还有一个Arrays类可以缩短上面的代码：

List list = Arrays.asList(new Character[] { 'm', 'e', 'y' });
System.out.println(list.indexOf('e'));

The problem with your code is that when you do

您的代码的问题在于，当您这样做时

 list[] == "e"

you're asking if the array object (not the contents) is equal to the string "e", which is clearly not the case.
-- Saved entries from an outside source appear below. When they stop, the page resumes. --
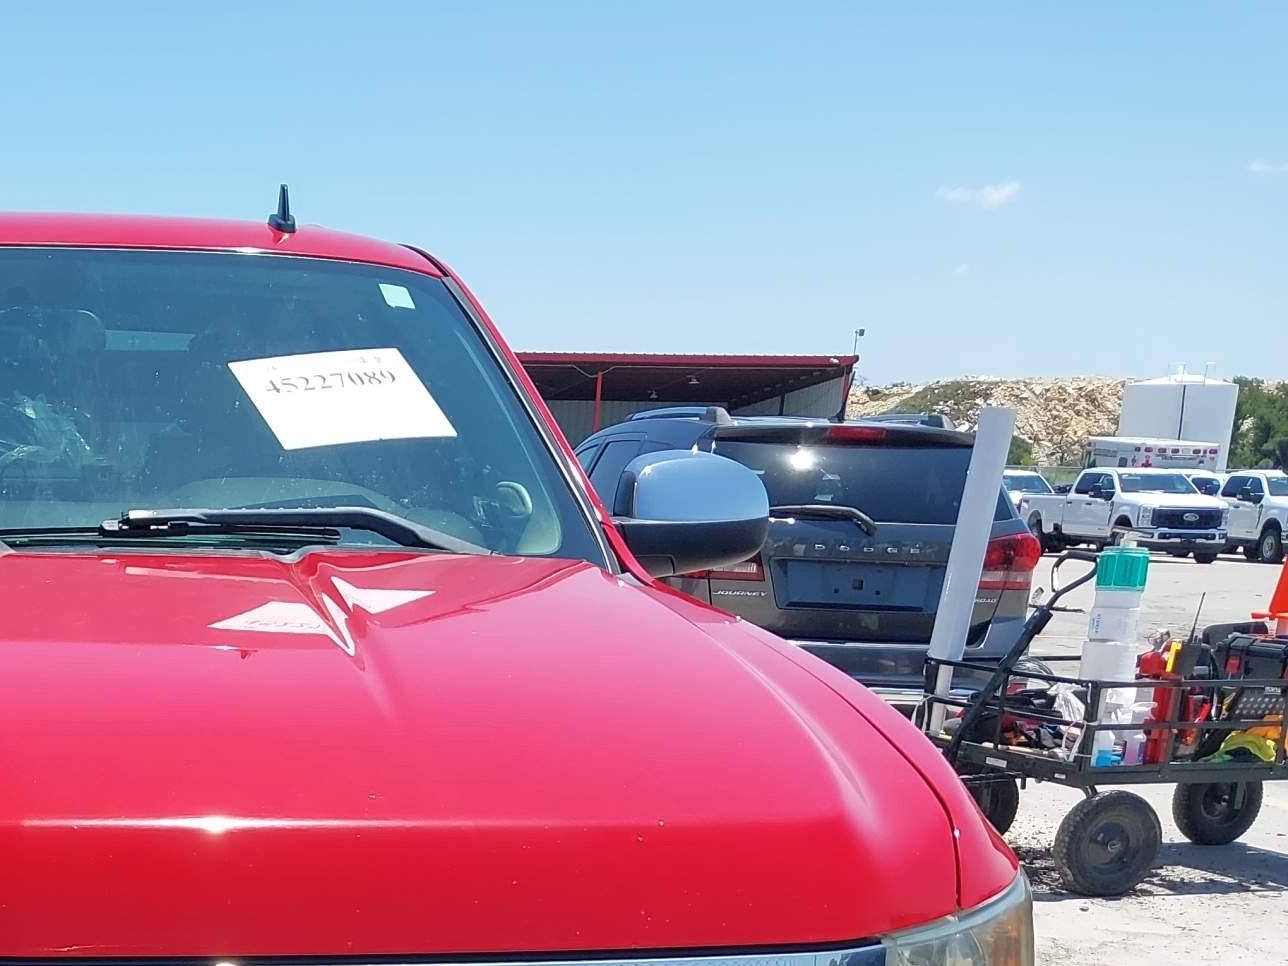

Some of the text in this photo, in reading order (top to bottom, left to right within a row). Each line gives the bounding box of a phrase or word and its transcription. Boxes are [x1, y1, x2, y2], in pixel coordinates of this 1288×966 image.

[265, 369, 396, 393] 45227089
[814, 543, 921, 554] DODGE
[712, 589, 768, 597] JOURNEY
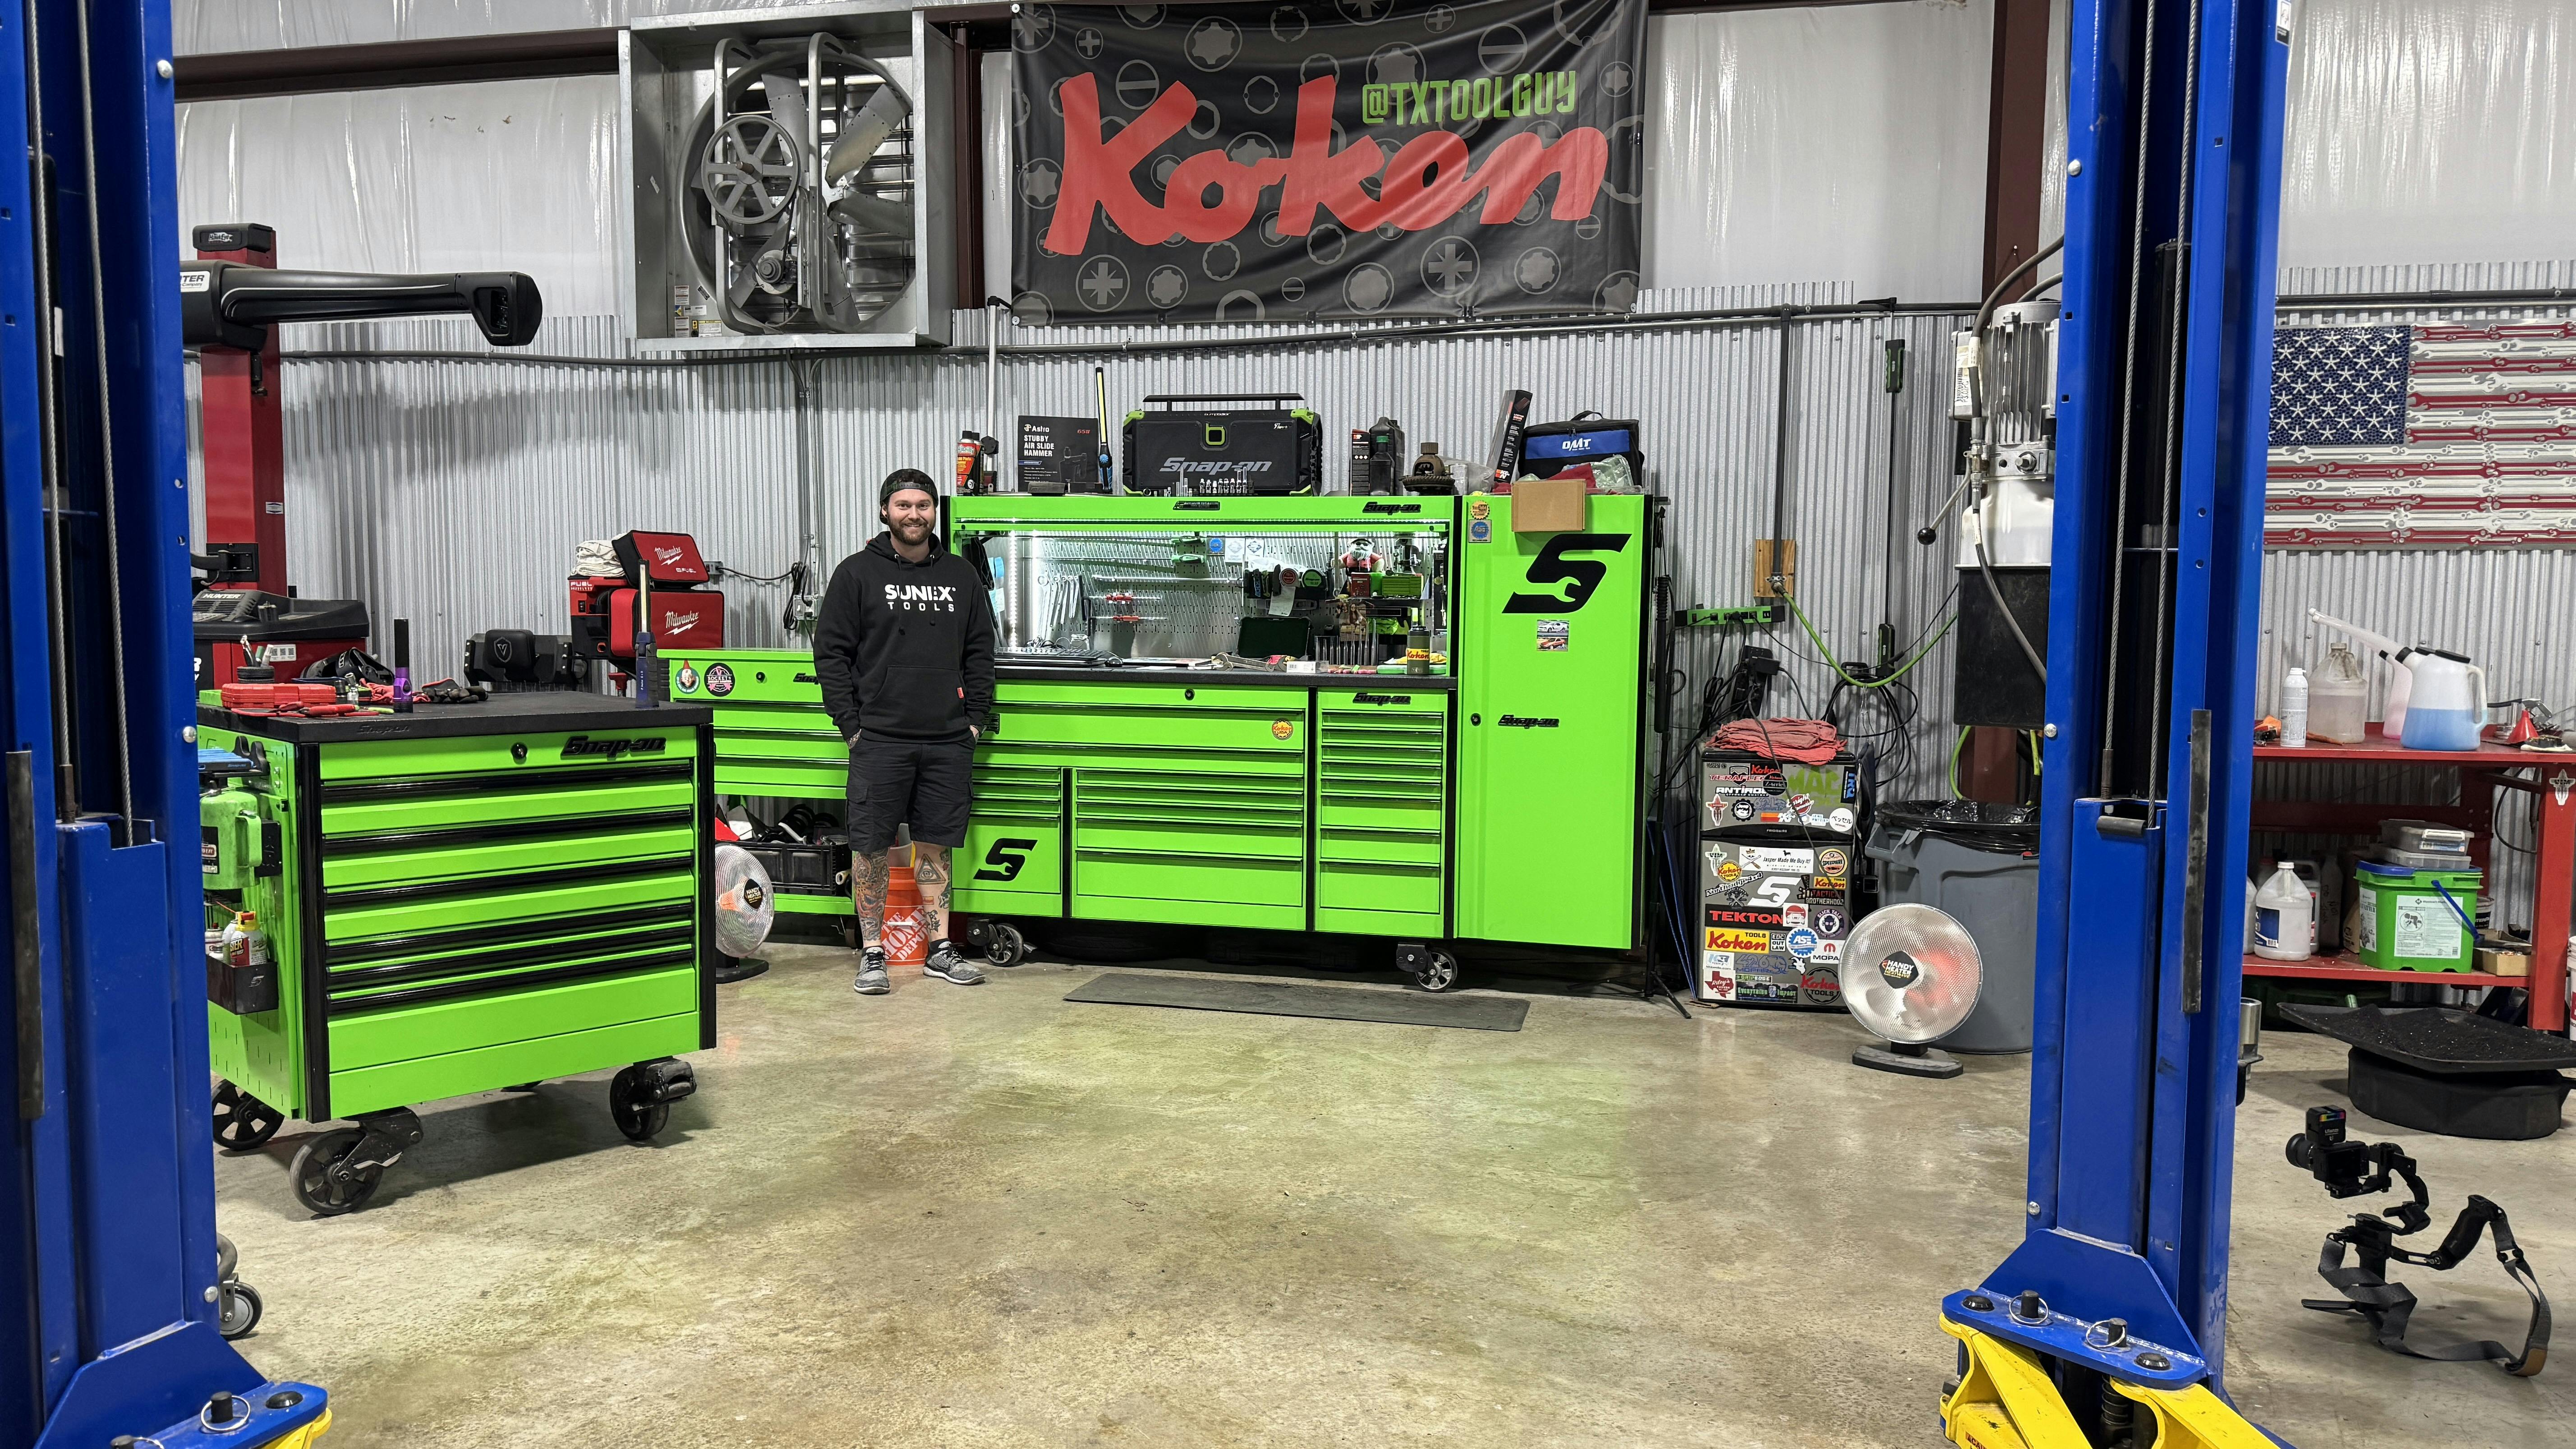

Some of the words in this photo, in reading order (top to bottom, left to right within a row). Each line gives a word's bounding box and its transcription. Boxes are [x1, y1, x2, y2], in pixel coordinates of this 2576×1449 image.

[1362, 71, 1576, 126] @TXTOOLGUY
[1044, 72, 1608, 255] Koken
[1159, 457, 1272, 475] Snap-on
[1362, 501, 1421, 515] Snap-on
[654, 545, 682, 561] Milwaukee
[884, 584, 954, 602] SUNEX
[887, 602, 955, 612] TOOLS
[665, 610, 699, 629] Milwaukee
[1352, 691, 1411, 706] Snap-on
[1498, 715, 1559, 729] Snap-on
[561, 736, 667, 758] Snap-on
[1709, 910, 1783, 924] TEKTON
[1707, 930, 1766, 951] Koken
[1793, 935, 1812, 944] ASE
[1887, 960, 1914, 971] HANDY
你问的是数组对象（不是内容）是否等于字符串“e”，这显然不是这种情况。

You'll want to iterate over the contents in order to do the check you want:

您需要遍历内容以进行所需的检查：

 for(String element : list) {
      if (element.equals("e")) {
           // do something here
      }
 }

Very Heavily Edited. I think either you want this:

非常大量的编辑。我想要么你想要这个：

class CharStorage {
    /** set offset to 1 if you want b=1, o=2, y=3 instead of b=0... */
    private final int offset=0;
    private int array[]=new int[26];

    /** Call this with up to 26 characters to initialize the array.  For 
      * instance, if you pass "boy" it will init to b=0,o=1,y=2.
      */
    void init(String s) {
        for(int i=0;i<s.length;i++)
            store(s.charAt(i)-'a' + offset,i); 
    }

    void store(char ch, int value) {
        if(ch < 'a' || ch > 'z') throw new IllegalArgumentException();
        array[ch-'a']=value;
    }

    int get(char ch) {
        if(ch < 'a' || ch > 'z') throw new IllegalArgumentException();
        return array[ch-'a'];
    }
}

(Note that you may have to adjust the init method if you want to use 1-26 instead of 0-25)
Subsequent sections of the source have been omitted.